● DESCRIPTION OF THE TASK
Give back every entry, copied exactly.

● MATERIALS PROVIDED
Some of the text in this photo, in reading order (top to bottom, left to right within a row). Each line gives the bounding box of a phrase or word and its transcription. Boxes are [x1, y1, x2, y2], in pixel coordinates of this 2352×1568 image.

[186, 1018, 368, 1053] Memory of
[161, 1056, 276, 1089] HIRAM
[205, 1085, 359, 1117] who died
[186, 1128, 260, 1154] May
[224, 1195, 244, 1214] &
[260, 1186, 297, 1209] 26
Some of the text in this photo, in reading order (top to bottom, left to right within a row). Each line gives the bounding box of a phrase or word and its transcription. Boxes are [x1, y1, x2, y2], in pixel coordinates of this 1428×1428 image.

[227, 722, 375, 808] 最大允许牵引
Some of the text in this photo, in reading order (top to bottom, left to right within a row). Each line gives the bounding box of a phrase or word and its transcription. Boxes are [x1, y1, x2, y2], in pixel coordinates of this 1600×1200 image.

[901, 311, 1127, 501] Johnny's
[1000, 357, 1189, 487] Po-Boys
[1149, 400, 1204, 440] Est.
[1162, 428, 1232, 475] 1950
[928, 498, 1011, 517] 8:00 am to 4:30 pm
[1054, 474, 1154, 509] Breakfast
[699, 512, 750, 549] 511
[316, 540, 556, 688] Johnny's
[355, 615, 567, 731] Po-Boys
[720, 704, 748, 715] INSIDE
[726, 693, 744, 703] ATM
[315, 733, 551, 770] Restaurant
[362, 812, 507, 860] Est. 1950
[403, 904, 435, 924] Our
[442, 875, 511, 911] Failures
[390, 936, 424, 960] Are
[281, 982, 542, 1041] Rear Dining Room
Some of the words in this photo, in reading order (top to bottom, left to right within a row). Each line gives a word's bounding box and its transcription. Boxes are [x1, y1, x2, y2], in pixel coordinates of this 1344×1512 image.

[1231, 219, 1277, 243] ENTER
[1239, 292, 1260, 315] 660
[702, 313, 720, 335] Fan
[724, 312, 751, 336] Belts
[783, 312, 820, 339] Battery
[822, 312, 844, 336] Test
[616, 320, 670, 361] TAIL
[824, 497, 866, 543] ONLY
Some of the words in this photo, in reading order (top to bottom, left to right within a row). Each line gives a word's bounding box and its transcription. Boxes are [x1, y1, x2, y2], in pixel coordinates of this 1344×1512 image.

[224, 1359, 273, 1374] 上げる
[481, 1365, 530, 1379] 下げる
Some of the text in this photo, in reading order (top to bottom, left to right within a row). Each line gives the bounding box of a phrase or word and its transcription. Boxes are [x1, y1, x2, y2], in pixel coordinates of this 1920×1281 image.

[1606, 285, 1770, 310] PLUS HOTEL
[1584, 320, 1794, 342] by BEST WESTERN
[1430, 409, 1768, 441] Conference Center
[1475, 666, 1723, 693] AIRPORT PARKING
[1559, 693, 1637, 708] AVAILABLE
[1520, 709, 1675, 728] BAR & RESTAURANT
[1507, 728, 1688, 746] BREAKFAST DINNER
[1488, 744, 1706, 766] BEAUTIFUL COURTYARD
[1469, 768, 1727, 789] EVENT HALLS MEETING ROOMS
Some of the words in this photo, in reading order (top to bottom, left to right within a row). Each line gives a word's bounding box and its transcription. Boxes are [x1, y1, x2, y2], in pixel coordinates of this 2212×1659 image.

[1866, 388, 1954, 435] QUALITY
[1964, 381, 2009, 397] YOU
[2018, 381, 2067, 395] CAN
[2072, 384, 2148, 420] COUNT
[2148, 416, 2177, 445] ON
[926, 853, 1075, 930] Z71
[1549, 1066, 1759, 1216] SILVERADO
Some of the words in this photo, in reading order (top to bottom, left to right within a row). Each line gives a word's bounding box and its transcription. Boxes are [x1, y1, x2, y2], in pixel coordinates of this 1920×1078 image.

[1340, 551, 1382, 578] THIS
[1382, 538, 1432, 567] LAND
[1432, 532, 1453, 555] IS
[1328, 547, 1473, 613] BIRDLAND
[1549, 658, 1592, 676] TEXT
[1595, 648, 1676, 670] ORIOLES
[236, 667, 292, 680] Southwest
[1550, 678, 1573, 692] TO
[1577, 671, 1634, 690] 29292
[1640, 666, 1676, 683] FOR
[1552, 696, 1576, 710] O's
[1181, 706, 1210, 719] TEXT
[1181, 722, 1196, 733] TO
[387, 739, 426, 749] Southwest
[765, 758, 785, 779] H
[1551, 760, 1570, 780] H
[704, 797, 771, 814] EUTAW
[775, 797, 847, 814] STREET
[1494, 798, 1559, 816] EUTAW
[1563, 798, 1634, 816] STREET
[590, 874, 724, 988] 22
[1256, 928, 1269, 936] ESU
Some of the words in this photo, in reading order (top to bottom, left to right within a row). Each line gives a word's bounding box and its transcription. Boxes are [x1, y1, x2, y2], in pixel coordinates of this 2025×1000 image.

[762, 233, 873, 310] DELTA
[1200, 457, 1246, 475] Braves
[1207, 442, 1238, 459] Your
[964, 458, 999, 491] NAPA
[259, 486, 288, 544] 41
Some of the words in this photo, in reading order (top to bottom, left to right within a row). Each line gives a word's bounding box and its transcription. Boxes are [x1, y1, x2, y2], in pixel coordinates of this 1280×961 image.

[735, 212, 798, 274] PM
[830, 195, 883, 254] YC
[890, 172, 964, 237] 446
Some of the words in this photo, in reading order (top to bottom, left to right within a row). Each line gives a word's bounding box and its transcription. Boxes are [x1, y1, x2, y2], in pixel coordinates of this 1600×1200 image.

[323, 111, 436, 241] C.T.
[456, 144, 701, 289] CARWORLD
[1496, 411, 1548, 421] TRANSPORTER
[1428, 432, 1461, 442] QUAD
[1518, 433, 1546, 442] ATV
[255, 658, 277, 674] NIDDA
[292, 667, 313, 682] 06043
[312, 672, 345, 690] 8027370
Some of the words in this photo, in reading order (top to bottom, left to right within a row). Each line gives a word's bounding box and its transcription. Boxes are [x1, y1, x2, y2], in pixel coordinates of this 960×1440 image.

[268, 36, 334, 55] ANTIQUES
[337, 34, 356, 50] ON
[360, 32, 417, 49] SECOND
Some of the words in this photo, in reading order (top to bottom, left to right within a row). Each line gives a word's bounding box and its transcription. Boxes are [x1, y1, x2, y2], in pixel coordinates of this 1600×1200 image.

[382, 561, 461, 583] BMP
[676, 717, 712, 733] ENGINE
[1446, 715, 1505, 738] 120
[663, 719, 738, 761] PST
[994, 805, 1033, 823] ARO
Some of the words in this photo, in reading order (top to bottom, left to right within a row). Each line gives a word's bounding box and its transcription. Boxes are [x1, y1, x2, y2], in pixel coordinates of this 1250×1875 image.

● ANSWER SPACE
Some of the text in this photo, in reading order (top to bottom, left to right within a row). Each line gives the bounding box of a phrase or word and its transcription. Boxes are [x1, y1, x2, y2], in pixel coordinates of this 2352×1568 image.

[186, 1018, 368, 1053] Memory of
[161, 1056, 276, 1089] HIRAM
[205, 1085, 359, 1117] who died
[186, 1128, 260, 1154] May
[224, 1195, 244, 1214] &
[260, 1186, 297, 1209] 26
Some of the text in this photo, in reading order (top to bottom, left to right within a row). Each line gives the bounding box of a phrase or word and its transcription. Boxes are [x1, y1, x2, y2], in pixel coordinates of this 1428×1428 image.

[227, 722, 375, 808] 最大允许牵引
Some of the text in this photo, in reading order (top to bottom, left to right within a row). Each line gives the bounding box of a phrase or word and its transcription. Boxes are [x1, y1, x2, y2], in pixel coordinates of this 1600×1200 image.

[901, 311, 1127, 501] Johnny's
[1000, 357, 1189, 487] Po-Boys
[1149, 400, 1204, 440] Est.
[1162, 428, 1232, 475] 1950
[928, 498, 1011, 517] 8:00 am to 4:30 pm
[1054, 474, 1154, 509] Breakfast
[699, 512, 750, 549] 511
[316, 540, 556, 688] Johnny's
[355, 615, 567, 731] Po-Boys
[720, 704, 748, 715] INSIDE
[726, 693, 744, 703] ATM
[315, 733, 551, 770] Restaurant
[362, 812, 507, 860] Est. 1950
[403, 904, 435, 924] Our
[442, 875, 511, 911] Failures
[390, 936, 424, 960] Are
[281, 982, 542, 1041] Rear Dining Room
Some of the words in this photo, in reading order (top to bottom, left to right within a row). Each line gives a word's bounding box and its transcription. Boxes are [x1, y1, x2, y2], in pixel coordinates of this 1344×1512 image.

[1231, 219, 1277, 243] ENTER
[1239, 292, 1260, 315] 660
[702, 313, 720, 335] Fan
[724, 312, 751, 336] Belts
[783, 312, 820, 339] Battery
[822, 312, 844, 336] Test
[616, 320, 670, 361] TAIL
[824, 497, 866, 543] ONLY
Some of the words in this photo, in reading order (top to bottom, left to right within a row). Each line gives a word's bounding box and its transcription. Boxes are [x1, y1, x2, y2], in pixel coordinates of this 1344×1512 image.

[224, 1359, 273, 1374] 上げる
[481, 1365, 530, 1379] 下げる
Some of the text in this photo, in reading order (top to bottom, left to right within a row). Each line gives the bounding box of a phrase or word and its transcription. Boxes are [x1, y1, x2, y2], in pixel coordinates of this 1920×1281 image.

[1606, 285, 1770, 310] PLUS HOTEL
[1584, 320, 1794, 342] by BEST WESTERN
[1430, 409, 1768, 441] Conference Center
[1475, 666, 1723, 693] AIRPORT PARKING
[1559, 693, 1637, 708] AVAILABLE
[1520, 709, 1675, 728] BAR & RESTAURANT
[1507, 728, 1688, 746] BREAKFAST DINNER
[1488, 744, 1706, 766] BEAUTIFUL COURTYARD
[1469, 768, 1727, 789] EVENT HALLS MEETING ROOMS
Some of the words in this photo, in reading order (top to bottom, left to right within a row). Each line gives a word's bounding box and its transcription. Boxes are [x1, y1, x2, y2], in pixel coordinates of this 2212×1659 image.

[1866, 388, 1954, 435] QUALITY
[1964, 381, 2009, 397] YOU
[2018, 381, 2067, 395] CAN
[2072, 384, 2148, 420] COUNT
[2148, 416, 2177, 445] ON
[926, 853, 1075, 930] Z71
[1549, 1066, 1759, 1216] SILVERADO
Some of the words in this photo, in reading order (top to bottom, left to right within a row). Each line gives a word's bounding box and its transcription. Boxes are [x1, y1, x2, y2], in pixel coordinates of this 1920×1078 image.

[1340, 551, 1382, 578] THIS
[1382, 538, 1432, 567] LAND
[1432, 532, 1453, 555] IS
[1328, 547, 1473, 613] BIRDLAND
[1549, 658, 1592, 676] TEXT
[1595, 648, 1676, 670] ORIOLES
[236, 667, 292, 680] Southwest
[1550, 678, 1573, 692] TO
[1577, 671, 1634, 690] 29292
[1640, 666, 1676, 683] FOR
[1552, 696, 1576, 710] O's
[1181, 706, 1210, 719] TEXT
[1181, 722, 1196, 733] TO
[387, 739, 426, 749] Southwest
[765, 758, 785, 779] H
[1551, 760, 1570, 780] H
[704, 797, 771, 814] EUTAW
[775, 797, 847, 814] STREET
[1494, 798, 1559, 816] EUTAW
[1563, 798, 1634, 816] STREET
[590, 874, 724, 988] 22
[1256, 928, 1269, 936] ESU
Some of the words in this photo, in reading order (top to bottom, left to right within a row). Each line gives a word's bounding box and its transcription. Boxes are [x1, y1, x2, y2], in pixel coordinates of this 2025×1000 image.

[762, 233, 873, 310] DELTA
[1200, 457, 1246, 475] Braves
[1207, 442, 1238, 459] Your
[964, 458, 999, 491] NAPA
[259, 486, 288, 544] 41
Some of the words in this photo, in reading order (top to bottom, left to right within a row). Each line gives a word's bounding box and its transcription. Boxes are [x1, y1, x2, y2], in pixel coordinates of this 1280×961 image.

[735, 212, 798, 274] PM
[830, 195, 883, 254] YC
[890, 172, 964, 237] 446
Some of the words in this photo, in reading order (top to bottom, left to right within a row). Each line gives a word's bounding box and its transcription. Boxes are [x1, y1, x2, y2], in pixel coordinates of this 1600×1200 image.

[323, 111, 436, 241] C.T.
[456, 144, 701, 289] CARWORLD
[1496, 411, 1548, 421] TRANSPORTER
[1428, 432, 1461, 442] QUAD
[1518, 433, 1546, 442] ATV
[255, 658, 277, 674] NIDDA
[292, 667, 313, 682] 06043
[312, 672, 345, 690] 8027370
Some of the words in this photo, in reading order (top to bottom, left to right within a row). Each line gives a word's bounding box and its transcription. Boxes are [x1, y1, x2, y2], in pixel coordinates of this 960×1440 image.

[268, 36, 334, 55] ANTIQUES
[337, 34, 356, 50] ON
[360, 32, 417, 49] SECOND
Some of the words in this photo, in reading order (top to bottom, left to right within a row). Each line gives a word's bounding box and its transcription. Boxes are [x1, y1, x2, y2], in pixel coordinates of this 1600×1200 image.

[382, 561, 461, 583] BMP
[676, 717, 712, 733] ENGINE
[1446, 715, 1505, 738] 120
[663, 719, 738, 761] PST
[994, 805, 1033, 823] ARO
Some of the words in this photo, in reading order (top to bottom, left to right within a row). Each line gives a word's bounding box and its transcription. Boxes are [x1, y1, x2, y2], in pixel coordinates of this 1250×1875 image.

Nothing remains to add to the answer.